While in some cases NaPro-trained doctors utilize many interventions and/or medications to help women with a history of miscarriage bring their babies to term, that wasn’t the case for the Sargeants. Leah, a statistician by profession, said that from a mathematical perspective she actually felt some hope that they would complete a successful pregnancy because, she learned that “[o]ne miscarriage doesn’t necessarily put you at risk for another miscarriage.” This knowledge — coupled with the fact that there didn’t seem to be anything to “fix” and that there might not be a single underlying explanation for each loss — led the Sargeants to hope that eventually they could beat the odds and carry a baby to term.

While each loss was painful and devastating, Leah and her husband took comfort in their Catholic faith. She recalled being previously struck by the beauty of a friend whose ministry as a Catholic religious sister was to care for people dying of cancer. In a similar way, Leah found, “God seemed to be trusting me to care for people who weren’t going to live for very long. Could we care for them?”

Though this lens brought the Sargeants tangible hope, the practicalities of approaching new life after miscarriages were heartbreaking nonetheless. Leah said, “After we lost Robin, we began to keep a list of who we had told that we were pregnant, so that we could let them know if we lost the new baby.”

READ: The church’s ministry in a time of miscarriage is crucial for families

Far from leading them to withhold news of their pregnancies until a certain gestational age, such as after the first trimester, Leah noted that instead, “We definitely wanted people that we loved and who loved us to know about our babies, especially in case we ended up losing them. Telling others that we were pregnant might be our only chance to celebrate that child’s life with them. Also, if we lost the baby, people weren’t only finding out after the fact — it wasn’t such a shock for people to learn that the baby existed after they were already gone.”

After six losses, the Sargeants conceived baby Beatrice in 2019. Leah recalled, “We saw the heartbeat for the first time (out of all the previous pregnancies), [and] that gave us an enormous sense of hope.” After years of heartache, Beatrice was born in January of 2020 after a “very uneventful” pregnancy.

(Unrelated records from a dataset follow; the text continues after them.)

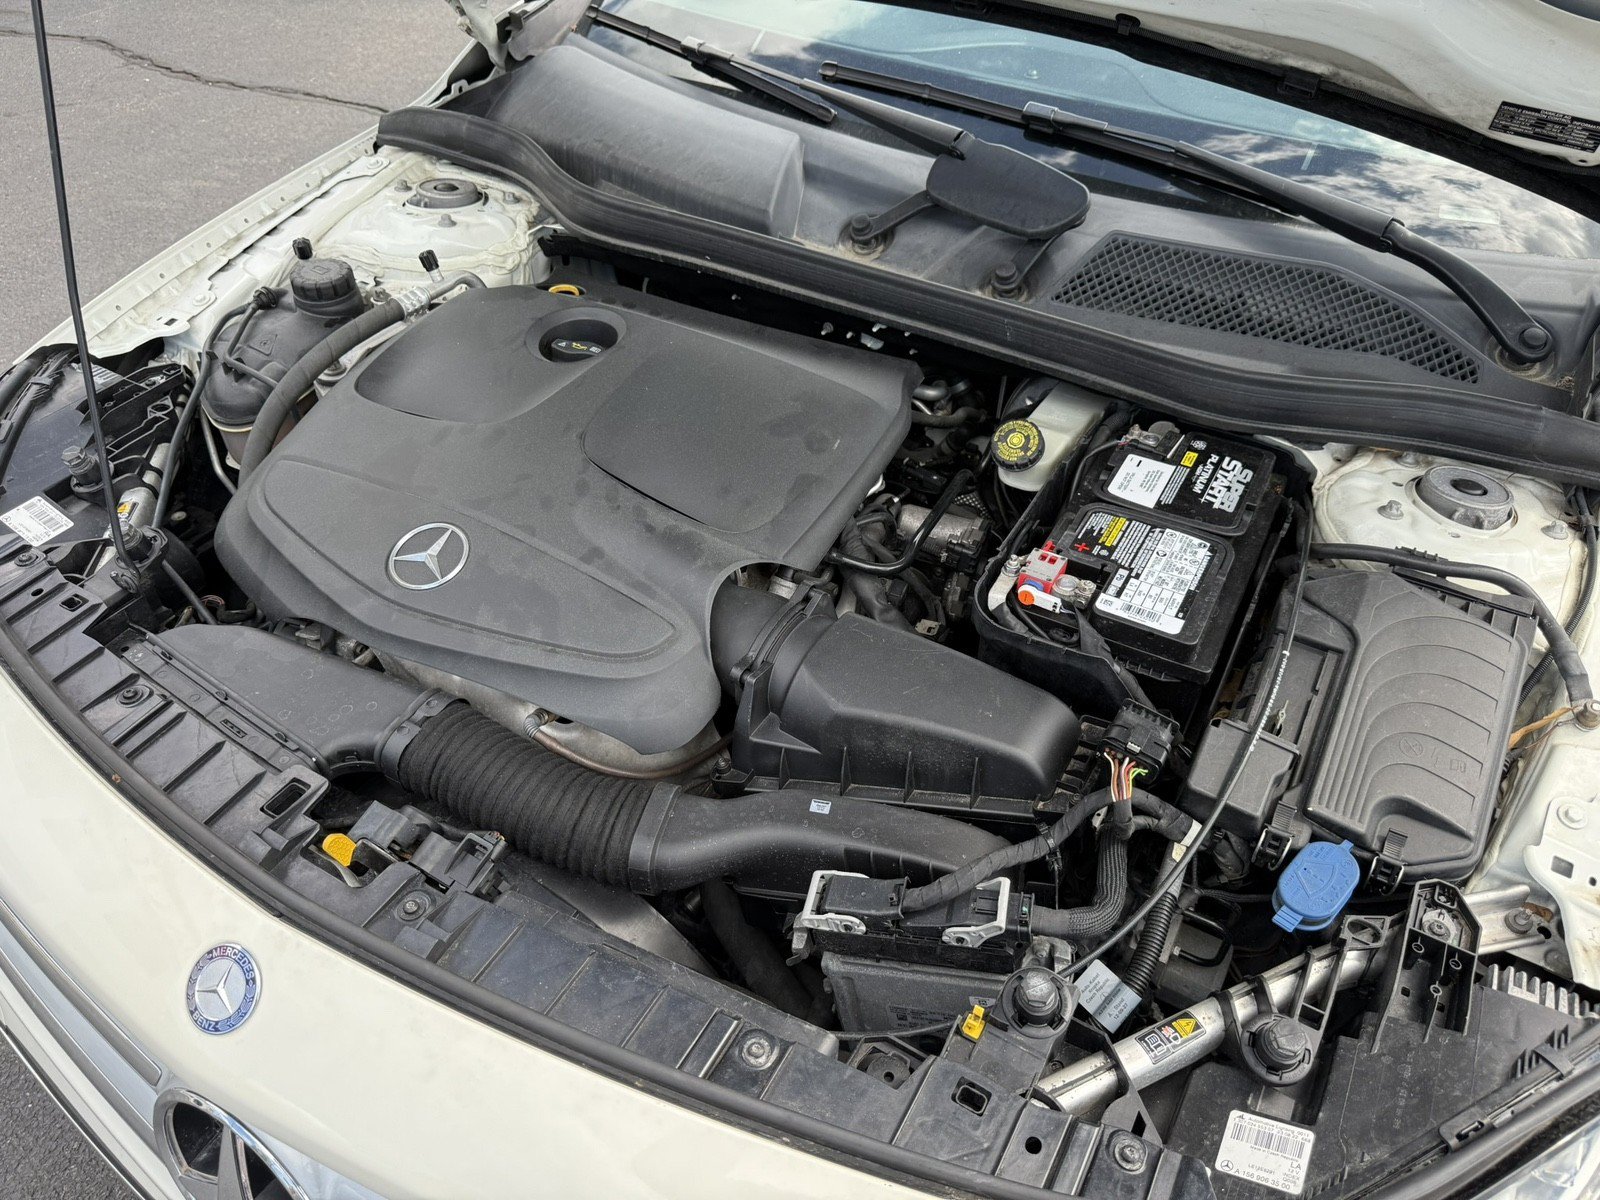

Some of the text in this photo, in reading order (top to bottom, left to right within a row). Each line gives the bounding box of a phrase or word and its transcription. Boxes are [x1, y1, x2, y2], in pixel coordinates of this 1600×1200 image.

[1501, 105, 1521, 113] VEHICLE
[1522, 110, 1547, 118] EMISSION
[1548, 115, 1571, 123] CONTROL
[1192, 453, 1219, 493] PLATINUM
[1207, 457, 1243, 510] START
[1219, 466, 1254, 512] SUPER
[212, 946, 254, 980] MERCEDES
[193, 1011, 216, 1030] BENZ
[1289, 1161, 1302, 1170] LA
[1255, 1174, 1269, 1183] 906
[1280, 1182, 1290, 1190] 00

Leah and Alexi are already considering how to share the news of her older siblings with Beatrice in developmentally appropriate ways as she grows up. For example, the Sargeants plan to display the tiny Christmas stockings a friend gave them to honor the lives of each of their miscarried children alongside Beatrice’s bigger stocking each year.

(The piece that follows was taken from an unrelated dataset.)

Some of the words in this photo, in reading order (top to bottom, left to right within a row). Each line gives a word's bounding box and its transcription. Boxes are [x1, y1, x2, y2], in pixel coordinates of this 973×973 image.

Leah offered words of grace and encouragement for other women suffering after a miscarriage. She considers grief a “very reasonable” response to the death of a child, saying, “Grieving a child is part of the way you mother them after they are gone,” but acknowledges that “it is certainly a difficult way to be a mom.” She emphasized that grieving a child is also not done in isolation. “Sorrow is relational, and it’s part of what connects you to your baby, who loves you also. Sorrow is not a solo thing.”